- **YOUR OBJECTIVE**
The result should be a faithful copy of every entry below, with the pictures left out.

- **GIVEN DATA**
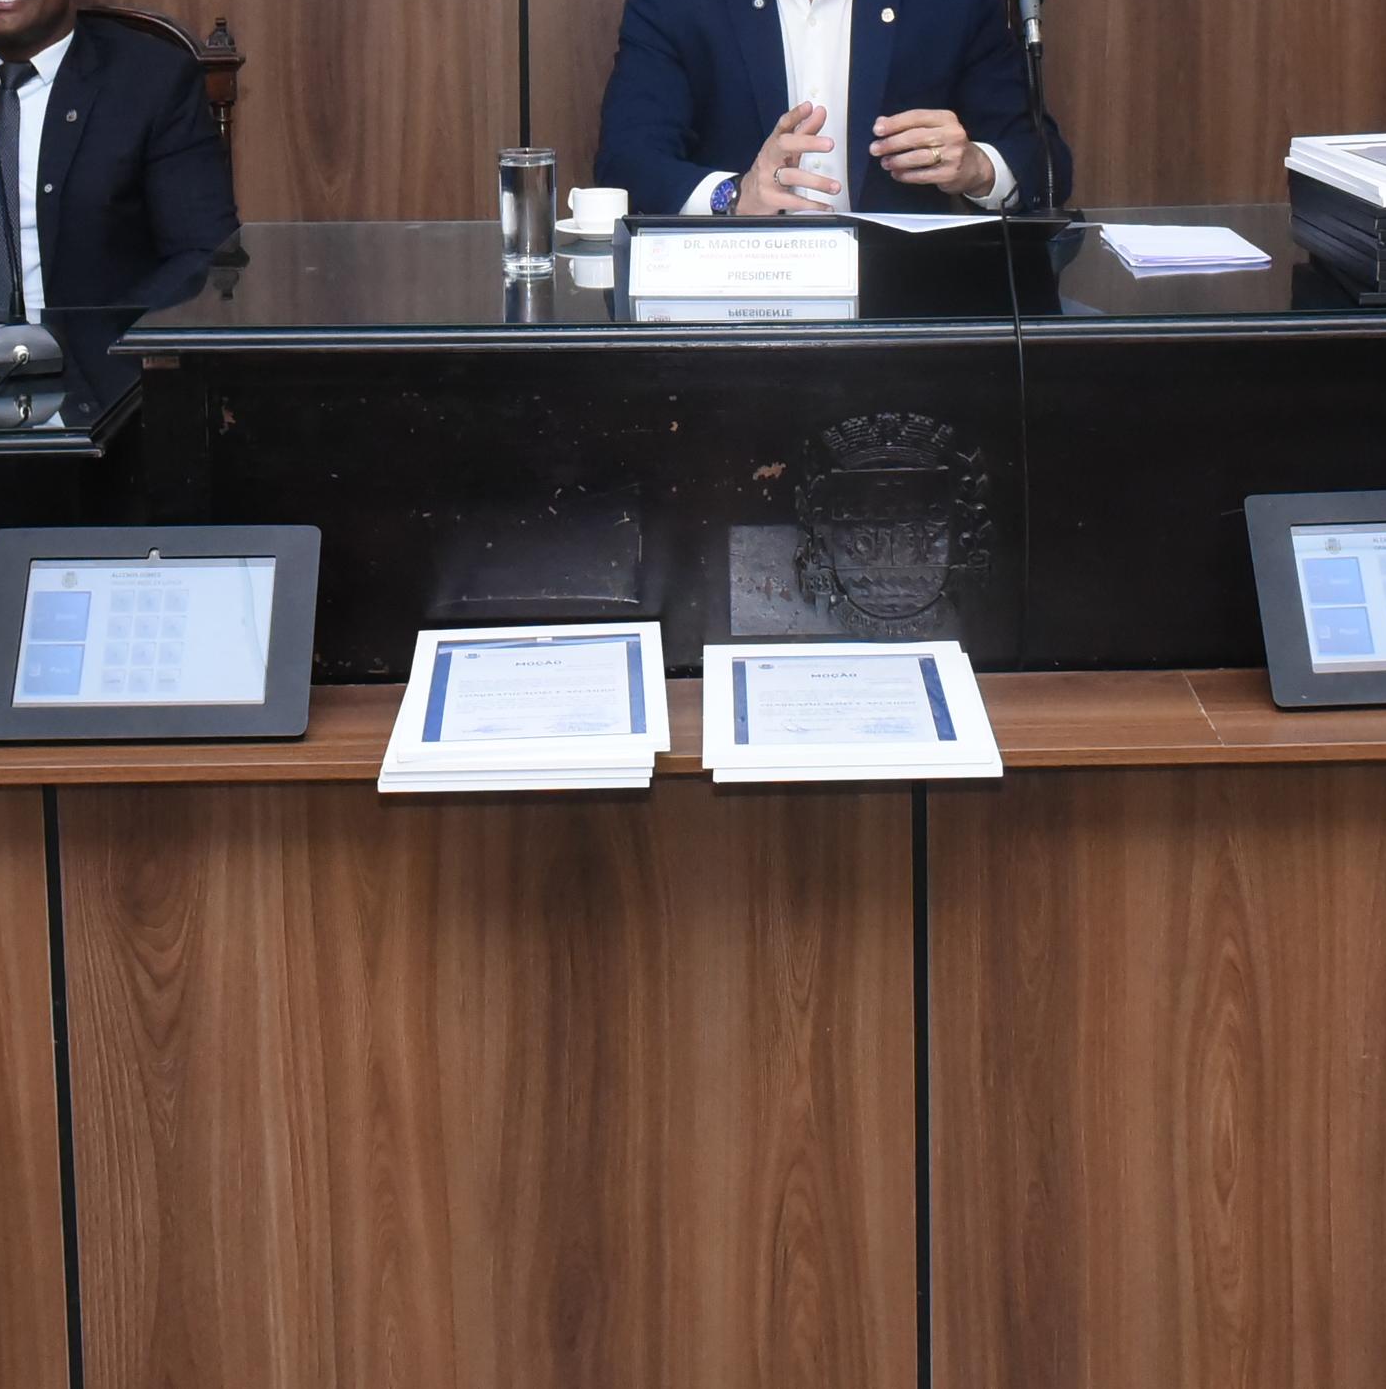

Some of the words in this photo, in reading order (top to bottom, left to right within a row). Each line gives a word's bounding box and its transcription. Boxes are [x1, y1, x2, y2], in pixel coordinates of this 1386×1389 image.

[683, 239, 705, 250] DR.
[708, 239, 761, 250] MARCIO
[764, 239, 838, 250] GUERREIRO
[727, 271, 793, 281] PRESIDENTE
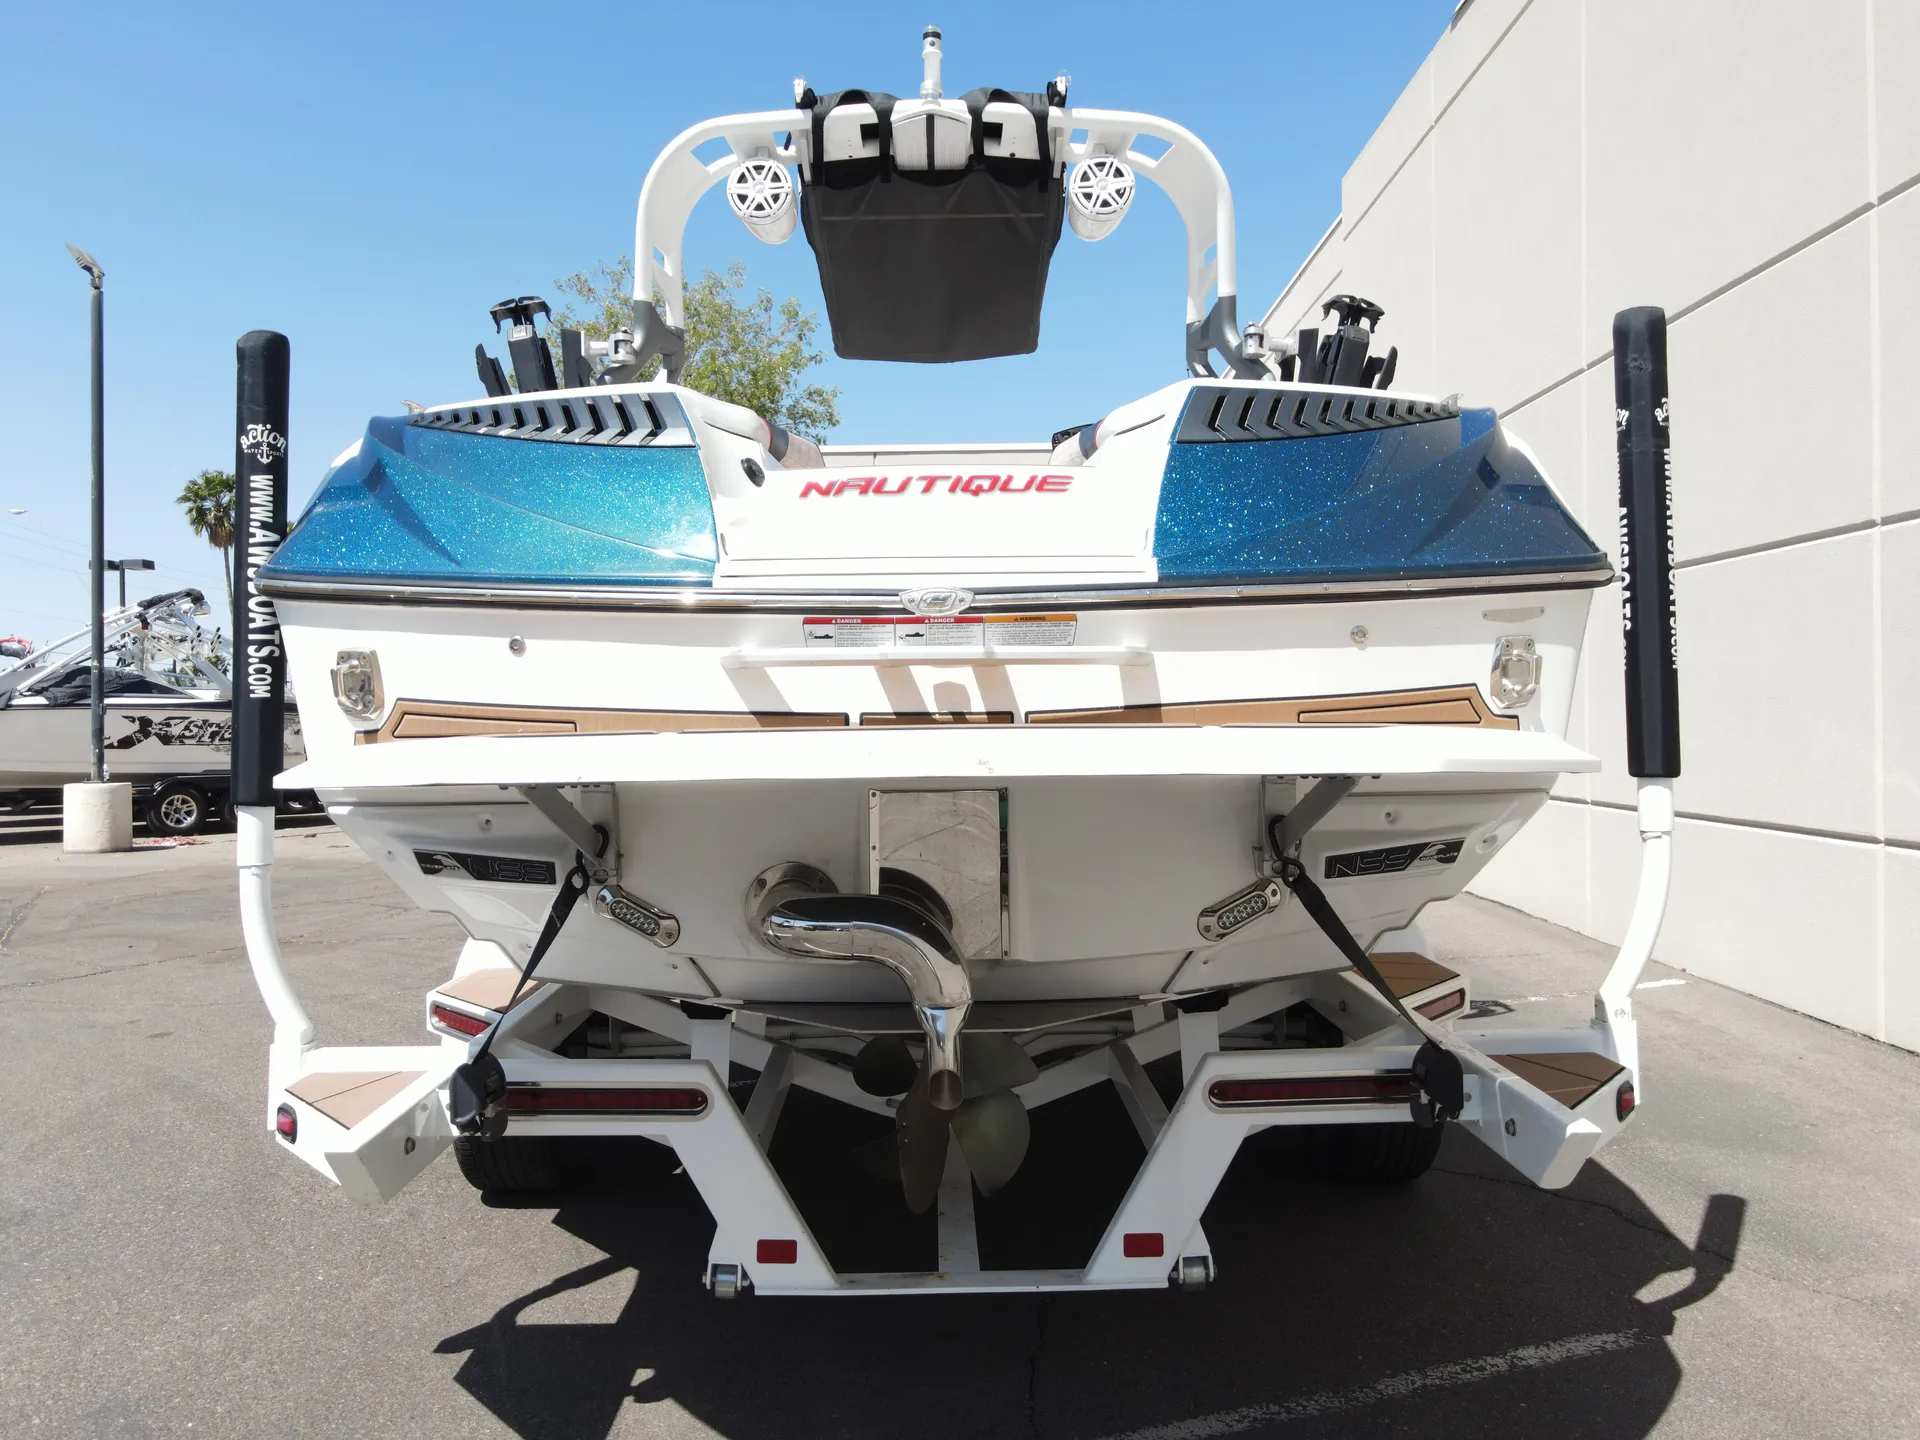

- **OUTPUT FOR THIS EXERCISE**
Some of the words in this photo, in reading order (top to bottom, left to right within a row). Each line gives a word's bounding box and its transcription. Boxes are [x1, y1, x2, y2], in pixel coordinates of this 1386×1389 image.

[683, 239, 705, 250] DR.
[708, 239, 761, 250] MARCIO
[764, 239, 838, 250] GUERREIRO
[727, 271, 793, 281] PRESIDENTE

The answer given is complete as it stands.